**Exercise**: Make an exact copy of all the entries shown below.

+++++

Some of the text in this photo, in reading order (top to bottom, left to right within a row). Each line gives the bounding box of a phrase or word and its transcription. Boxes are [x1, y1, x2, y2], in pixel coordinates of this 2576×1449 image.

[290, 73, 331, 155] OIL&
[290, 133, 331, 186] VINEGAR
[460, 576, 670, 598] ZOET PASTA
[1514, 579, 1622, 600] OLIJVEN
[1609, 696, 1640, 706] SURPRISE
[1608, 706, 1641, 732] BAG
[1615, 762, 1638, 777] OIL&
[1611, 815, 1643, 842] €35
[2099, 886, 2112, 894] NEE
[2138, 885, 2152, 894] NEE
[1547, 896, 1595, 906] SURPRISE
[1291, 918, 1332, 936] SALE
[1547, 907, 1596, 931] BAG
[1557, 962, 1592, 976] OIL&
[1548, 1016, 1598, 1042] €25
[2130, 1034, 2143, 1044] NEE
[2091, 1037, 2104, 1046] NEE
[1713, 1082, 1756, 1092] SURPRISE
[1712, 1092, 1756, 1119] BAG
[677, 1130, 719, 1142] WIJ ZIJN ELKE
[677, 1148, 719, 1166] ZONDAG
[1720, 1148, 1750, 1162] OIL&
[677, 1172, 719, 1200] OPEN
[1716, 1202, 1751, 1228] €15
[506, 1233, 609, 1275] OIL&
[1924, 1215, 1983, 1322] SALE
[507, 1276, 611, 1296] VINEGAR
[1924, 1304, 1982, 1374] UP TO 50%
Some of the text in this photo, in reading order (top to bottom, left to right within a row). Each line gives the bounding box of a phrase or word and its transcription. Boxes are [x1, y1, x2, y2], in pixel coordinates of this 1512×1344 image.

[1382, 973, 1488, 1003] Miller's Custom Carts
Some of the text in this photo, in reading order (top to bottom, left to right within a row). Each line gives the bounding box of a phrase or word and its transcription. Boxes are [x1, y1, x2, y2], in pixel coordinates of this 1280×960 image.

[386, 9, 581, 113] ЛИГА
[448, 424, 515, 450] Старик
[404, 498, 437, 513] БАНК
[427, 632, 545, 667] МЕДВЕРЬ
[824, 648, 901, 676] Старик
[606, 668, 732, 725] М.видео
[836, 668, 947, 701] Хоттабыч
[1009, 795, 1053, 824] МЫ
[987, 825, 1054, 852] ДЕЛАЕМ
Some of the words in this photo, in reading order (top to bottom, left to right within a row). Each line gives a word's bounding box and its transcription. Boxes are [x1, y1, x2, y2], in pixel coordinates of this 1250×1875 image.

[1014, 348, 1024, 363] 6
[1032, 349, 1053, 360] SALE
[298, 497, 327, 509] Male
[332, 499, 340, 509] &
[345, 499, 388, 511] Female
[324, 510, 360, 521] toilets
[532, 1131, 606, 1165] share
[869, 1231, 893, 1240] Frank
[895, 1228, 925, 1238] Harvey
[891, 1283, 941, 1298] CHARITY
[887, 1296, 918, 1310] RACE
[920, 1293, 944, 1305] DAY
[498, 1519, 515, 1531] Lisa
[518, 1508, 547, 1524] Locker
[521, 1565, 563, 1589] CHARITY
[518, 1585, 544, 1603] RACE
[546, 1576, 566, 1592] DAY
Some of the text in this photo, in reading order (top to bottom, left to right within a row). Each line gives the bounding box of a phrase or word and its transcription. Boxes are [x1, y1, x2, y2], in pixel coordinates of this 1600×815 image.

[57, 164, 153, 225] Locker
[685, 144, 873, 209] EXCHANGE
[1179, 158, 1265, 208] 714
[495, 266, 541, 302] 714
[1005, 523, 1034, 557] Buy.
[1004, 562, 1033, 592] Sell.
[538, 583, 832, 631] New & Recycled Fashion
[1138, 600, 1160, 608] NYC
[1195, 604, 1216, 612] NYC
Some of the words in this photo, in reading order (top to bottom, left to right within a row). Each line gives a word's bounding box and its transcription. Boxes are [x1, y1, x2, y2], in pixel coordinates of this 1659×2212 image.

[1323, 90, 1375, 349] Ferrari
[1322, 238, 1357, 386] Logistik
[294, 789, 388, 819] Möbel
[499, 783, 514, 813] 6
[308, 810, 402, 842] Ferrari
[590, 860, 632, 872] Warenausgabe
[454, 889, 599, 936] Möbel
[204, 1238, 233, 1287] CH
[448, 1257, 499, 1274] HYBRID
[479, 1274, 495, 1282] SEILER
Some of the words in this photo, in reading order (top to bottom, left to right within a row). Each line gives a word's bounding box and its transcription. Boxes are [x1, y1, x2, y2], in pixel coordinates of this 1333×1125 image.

+++++

**Your response**:
Some of the text in this photo, in reading order (top to bottom, left to right within a row). Each line gives the bounding box of a phrase or word and its transcription. Boxes are [x1, y1, x2, y2], in pixel coordinates of this 2576×1449 image.

[290, 73, 331, 155] OIL&
[290, 133, 331, 186] VINEGAR
[460, 576, 670, 598] ZOET PASTA
[1514, 579, 1622, 600] OLIJVEN
[1609, 696, 1640, 706] SURPRISE
[1608, 706, 1641, 732] BAG
[1615, 762, 1638, 777] OIL&
[1611, 815, 1643, 842] €35
[2099, 886, 2112, 894] NEE
[2138, 885, 2152, 894] NEE
[1547, 896, 1595, 906] SURPRISE
[1291, 918, 1332, 936] SALE
[1547, 907, 1596, 931] BAG
[1557, 962, 1592, 976] OIL&
[1548, 1016, 1598, 1042] €25
[2130, 1034, 2143, 1044] NEE
[2091, 1037, 2104, 1046] NEE
[1713, 1082, 1756, 1092] SURPRISE
[1712, 1092, 1756, 1119] BAG
[677, 1130, 719, 1142] WIJ ZIJN ELKE
[677, 1148, 719, 1166] ZONDAG
[1720, 1148, 1750, 1162] OIL&
[677, 1172, 719, 1200] OPEN
[1716, 1202, 1751, 1228] €15
[506, 1233, 609, 1275] OIL&
[1924, 1215, 1983, 1322] SALE
[507, 1276, 611, 1296] VINEGAR
[1924, 1304, 1982, 1374] UP TO 50%
Some of the text in this photo, in reading order (top to bottom, left to right within a row). Each line gives the bounding box of a phrase or word and its transcription. Boxes are [x1, y1, x2, y2], in pixel coordinates of this 1512×1344 image.

[1382, 973, 1488, 1003] Miller's Custom Carts
Some of the text in this photo, in reading order (top to bottom, left to right within a row). Each line gives the bounding box of a phrase or word and its transcription. Boxes are [x1, y1, x2, y2], in pixel coordinates of this 1280×960 image.

[386, 9, 581, 113] ЛИГА
[448, 424, 515, 450] Старик
[404, 498, 437, 513] БАНК
[427, 632, 545, 667] МЕДВЕРЬ
[824, 648, 901, 676] Старик
[606, 668, 732, 725] М.видео
[836, 668, 947, 701] Хоттабыч
[1009, 795, 1053, 824] МЫ
[987, 825, 1054, 852] ДЕЛАЕМ
Some of the words in this photo, in reading order (top to bottom, left to right within a row). Each line gives a word's bounding box and its transcription. Boxes are [x1, y1, x2, y2], in pixel coordinates of this 1250×1875 image.

[1014, 348, 1024, 363] 6
[1032, 349, 1053, 360] SALE
[298, 497, 327, 509] Male
[332, 499, 340, 509] &
[345, 499, 388, 511] Female
[324, 510, 360, 521] toilets
[532, 1131, 606, 1165] share
[869, 1231, 893, 1240] Frank
[895, 1228, 925, 1238] Harvey
[891, 1283, 941, 1298] CHARITY
[887, 1296, 918, 1310] RACE
[920, 1293, 944, 1305] DAY
[498, 1519, 515, 1531] Lisa
[518, 1508, 547, 1524] Locker
[521, 1565, 563, 1589] CHARITY
[518, 1585, 544, 1603] RACE
[546, 1576, 566, 1592] DAY
Some of the text in this photo, in reading order (top to bottom, left to right within a row). Each line gives the bounding box of a phrase or word and its transcription. Boxes are [x1, y1, x2, y2], in pixel coordinates of this 1600×815 image.

[57, 164, 153, 225] Locker
[685, 144, 873, 209] EXCHANGE
[1179, 158, 1265, 208] 714
[495, 266, 541, 302] 714
[1005, 523, 1034, 557] Buy.
[1004, 562, 1033, 592] Sell.
[538, 583, 832, 631] New & Recycled Fashion
[1138, 600, 1160, 608] NYC
[1195, 604, 1216, 612] NYC
Some of the words in this photo, in reading order (top to bottom, left to right within a row). Each line gives a word's bounding box and its transcription. Boxes are [x1, y1, x2, y2], in pixel coordinates of this 1659×2212 image.

[1323, 90, 1375, 349] Ferrari
[1322, 238, 1357, 386] Logistik
[294, 789, 388, 819] Möbel
[499, 783, 514, 813] 6
[308, 810, 402, 842] Ferrari
[590, 860, 632, 872] Warenausgabe
[454, 889, 599, 936] Möbel
[204, 1238, 233, 1287] CH
[448, 1257, 499, 1274] HYBRID
[479, 1274, 495, 1282] SEILER
Some of the words in this photo, in reading order (top to bottom, left to right within a row). Each line gives a word's bounding box and its transcription. Boxes are [x1, y1, x2, y2], in pixel coordinates of this 1333×1125 image.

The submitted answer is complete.